This study aims to scientifically evaluate the causal effects of hip bone phenotypes derived from dual-energy X-ray absorptiometry (DXA) on hip fracture risk and to improve clinical risk stratification. Leveraging UK Biobank data, it systematically applies backdoor adjustment—a causal inference method guided by directed acyclic graphs (DAGs)—to control for confounding bias and estimate the average treatment effect (ATE) of 16 hip phenotypes. Results indicate that total femoral bone mineral content (BMC) and bone mineral density (BMD) exhibit the strongest protective effects, with each standard deviation increase associated with a reduction of 4.7 hip fractures per 1,000 person-years. Integrating the top 11 ATE-ranked phenotypes significantly enhances predictive model performance, achieving an AUC of 0.842, surpassing that of FRAX+BMD. This work establishes a novel, causality-driven paradigm for osteoporosis-related fracture risk assessment.

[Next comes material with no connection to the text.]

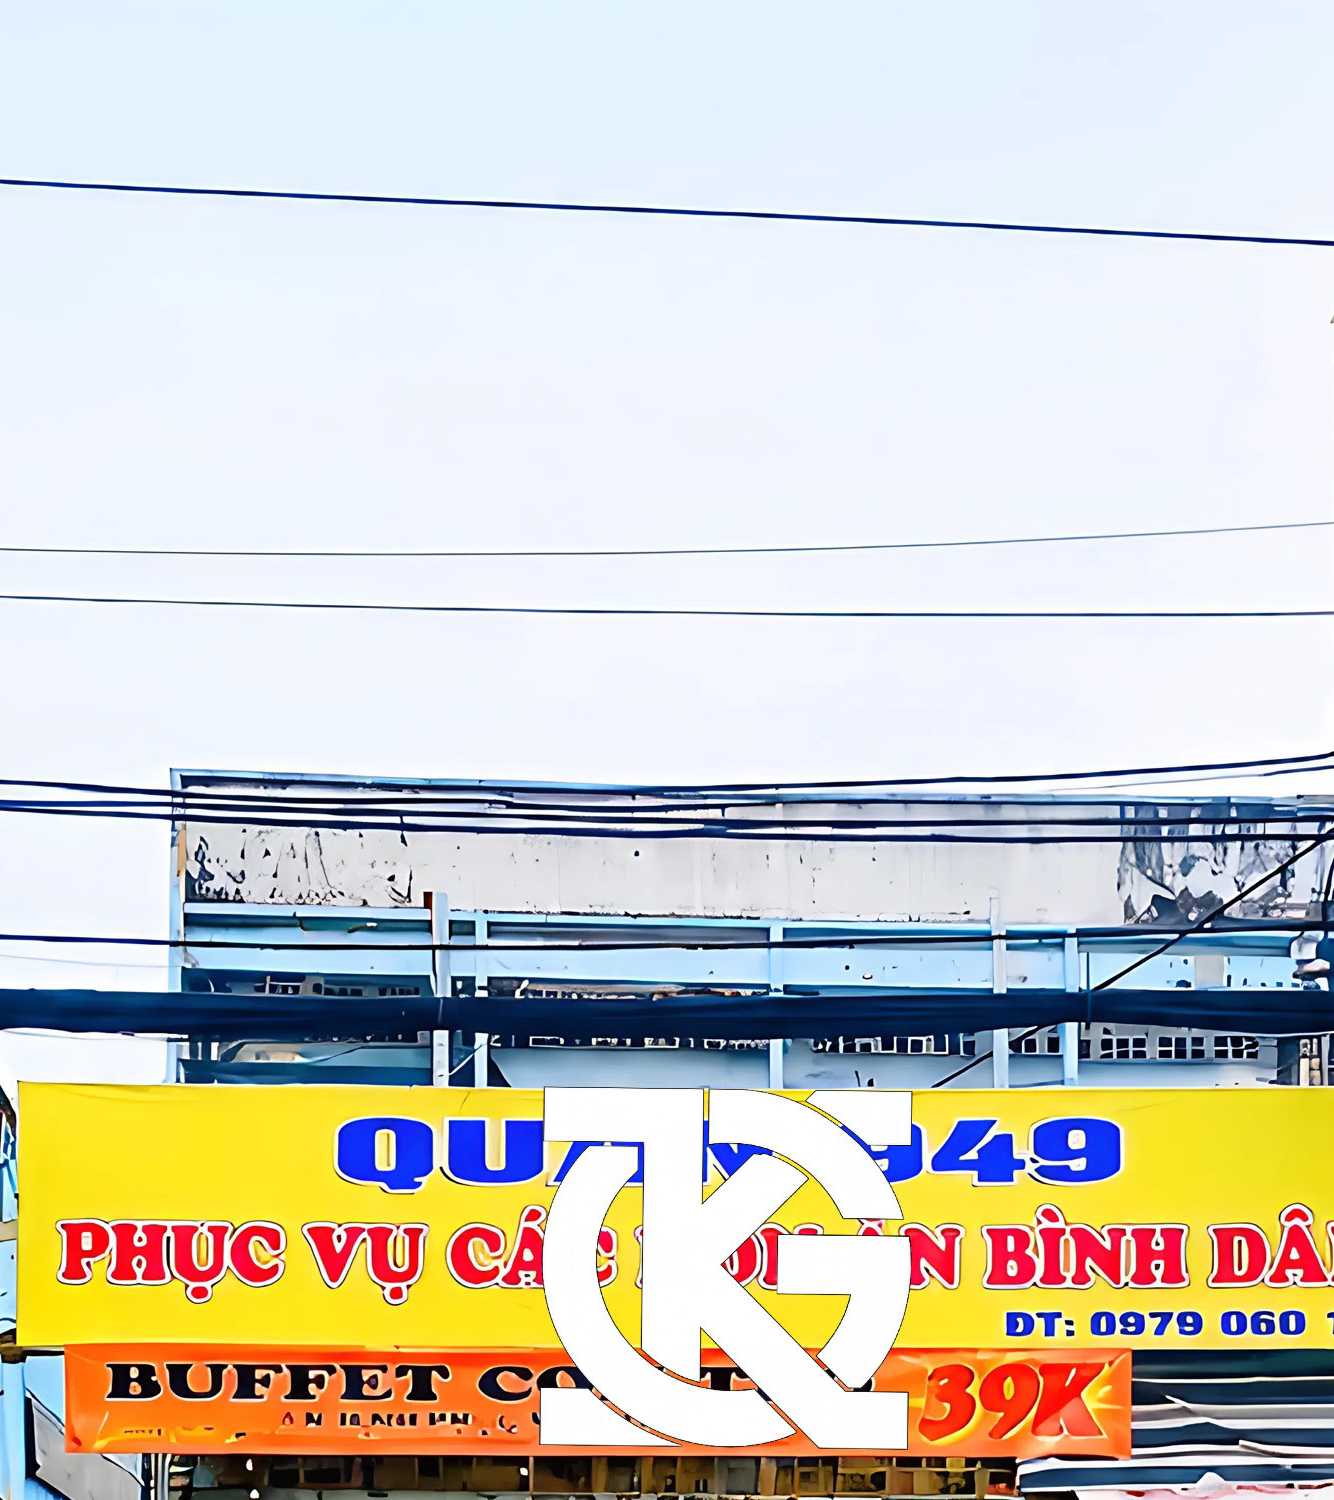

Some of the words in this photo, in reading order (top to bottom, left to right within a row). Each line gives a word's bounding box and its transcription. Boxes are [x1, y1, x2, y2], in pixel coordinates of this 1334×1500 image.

Purpose: To compare dual-energy X-ray absorptiometry (DXA)-derived hip skeletal phenotypes in relation to hip fracture risk using prespecified confounder adjustment and to assess whether phenotypes ranked by their backdoor-adjusted average treatment effects (ATEs) improve risk stratification. Methods: We analyzed 21,098 UK Biobank participants with linked health records, hip DXA-derived skeletal measures, and prespecified covariates. Sixteen phenotypes spanning bone mineral content (BMC), bone mineral density (BMD), and T-score across hip-related regions were evaluated. Confounder selection was guided by a prespecified directed acyclic graph (DAG). Backdoor-adjusted ATEs were estimated on the absolute risk-difference scale per standard deviation (SD) increase. Effect heterogeneity was evaluated for total femur BMD, and downstream prediction was assessed using clinical variables combined with phenotypes ranked by ATE magnitude. Results: Among 21,098 participants, 115 had hip fractures. All 16 phenotypes showed negative backdoor-adjusted ATEs per SD increase. The largest ATEs were observed for total femur BMC and total femur BMD, each with a risk difference of -0.0047, corresponding to approximately 4.7 fewer hip fractures per 1,000 participants per SD higher phenotype value. Conditional effects of total femur BMD were stronger among older participants and those with lower BMI. In prediction, clinical variables plus the top 11 ATE-ranked phenotypes achieved higher AUC than FRAX with femoral neck BMD (0.842 vs. 0.709), with higher sensitivity (0.748 vs. 0.443) and similar specificity (0.793 vs. 0.777). Conclusion: DXA-derived hip skeletal phenotypes differed in their backdoor-adjusted ATEs. Phenotype-level causal evaluation may help identify informative DXA measures for risk stratification.